--- DATA RECORDS Enclosed Below ---

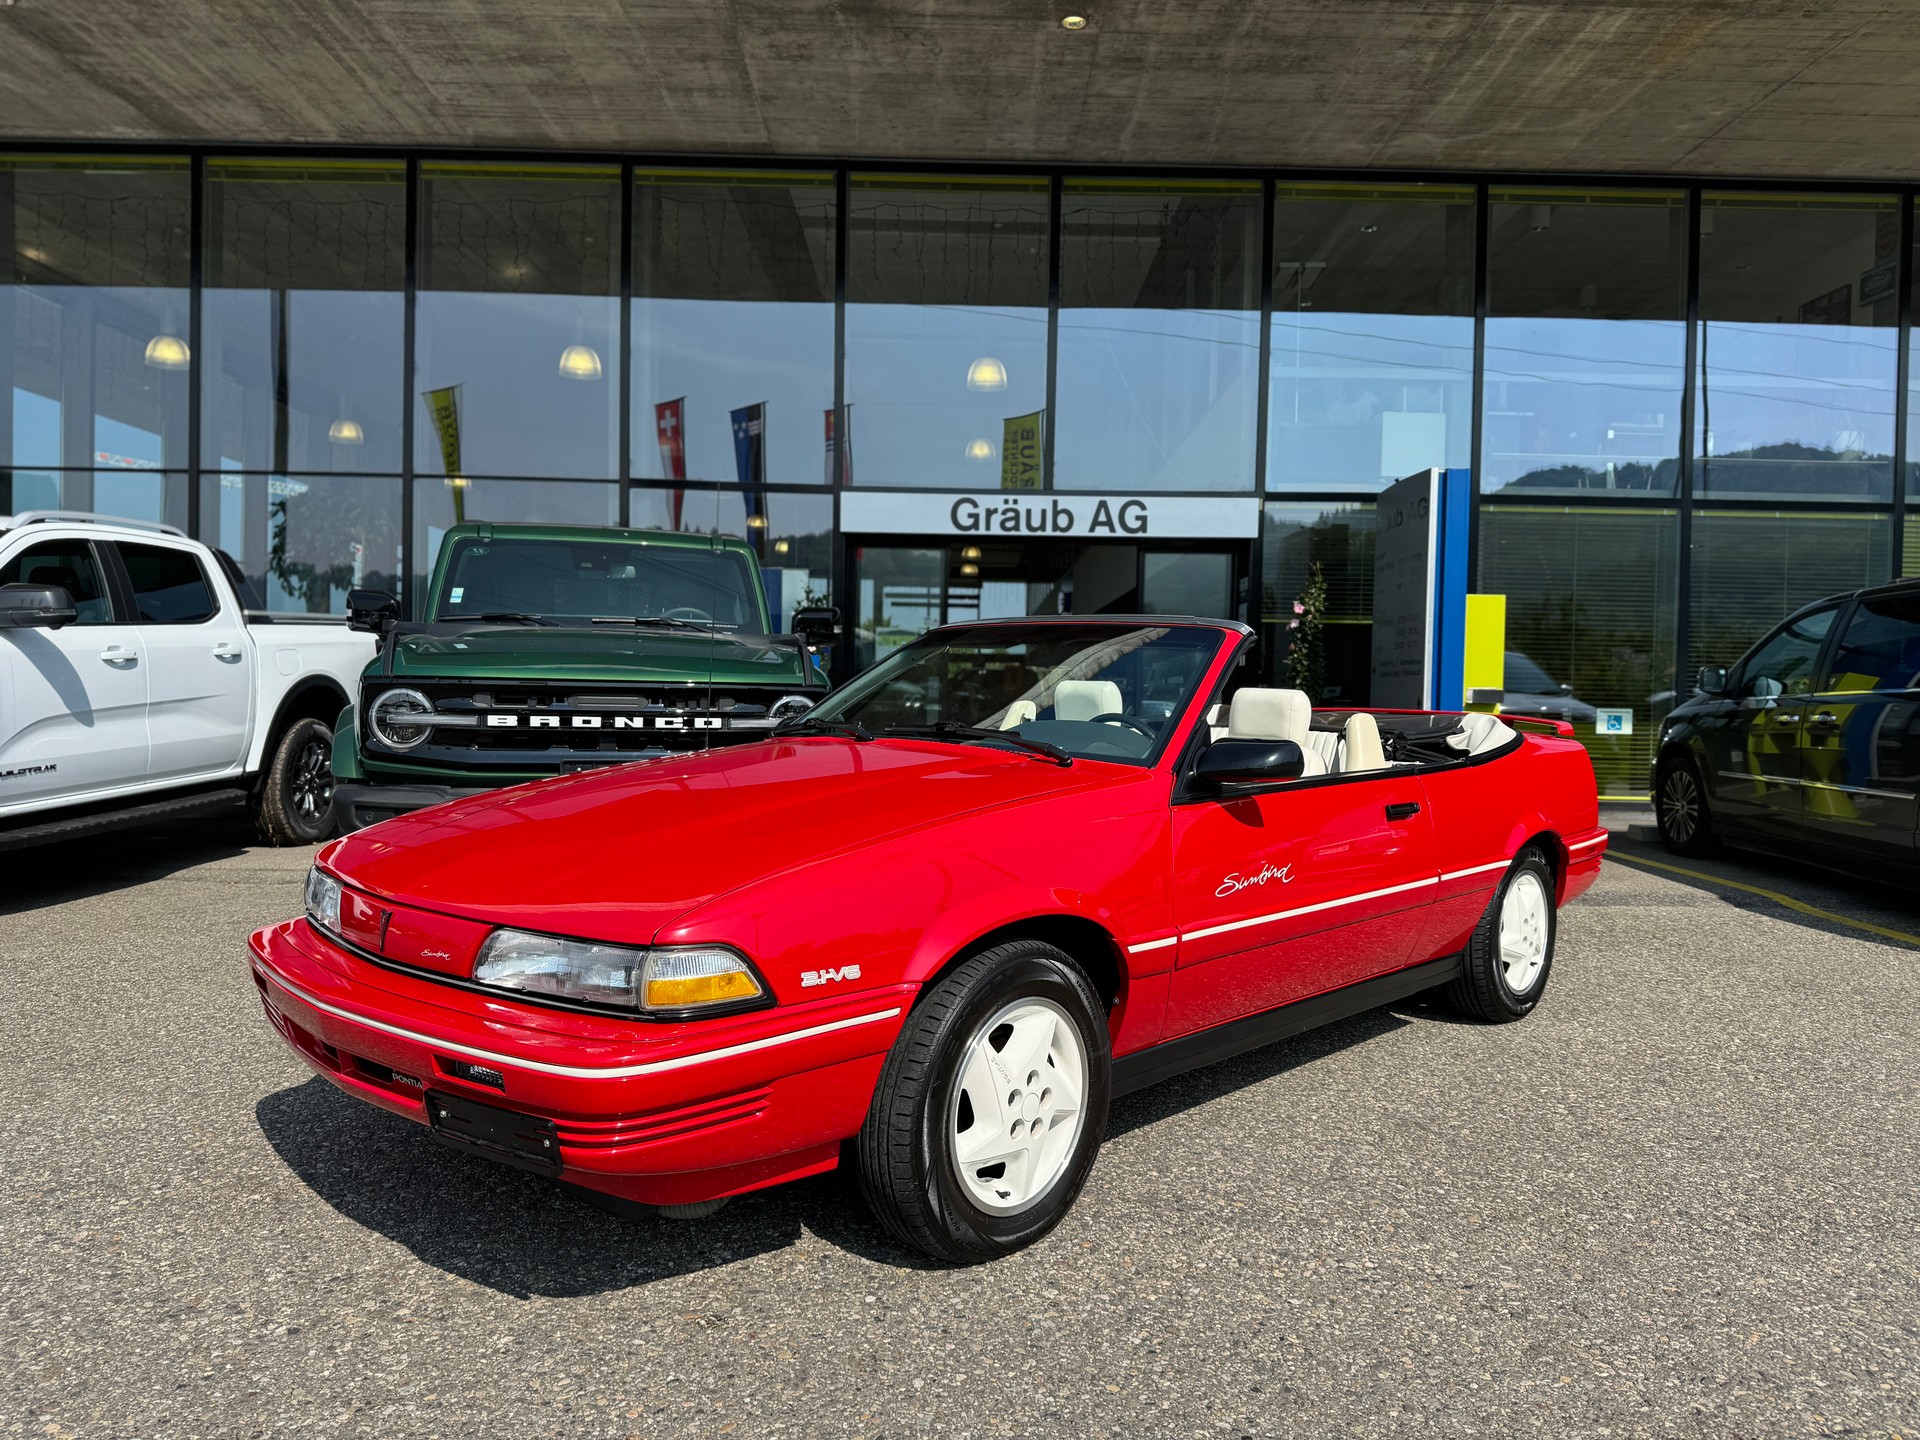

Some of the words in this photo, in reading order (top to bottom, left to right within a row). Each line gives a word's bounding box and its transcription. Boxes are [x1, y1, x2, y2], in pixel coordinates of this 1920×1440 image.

[951, 497, 1075, 533] Gräub
[1088, 499, 1148, 534] AG
[487, 715, 722, 729] BRONCO
[1215, 863, 1295, 898] Sunbird
[391, 1072, 424, 1090] PONTIA

--- End of Enclosed DATA RECORDS ---

WHAT THE TASK REQUIRES: Return the lines above exactly; the images are not part of the copy.

TASK OUTPUT:
Some of the words in this photo, in reading order (top to bottom, left to right within a row). Each line gives a word's bounding box and its transcription. Boxes are [x1, y1, x2, y2], in pixel coordinates of this 1920×1440 image.

[951, 497, 1075, 533] Gräub
[1088, 499, 1148, 534] AG
[487, 715, 722, 729] BRONCO
[1215, 863, 1295, 898] Sunbird
[391, 1072, 424, 1090] PONTIA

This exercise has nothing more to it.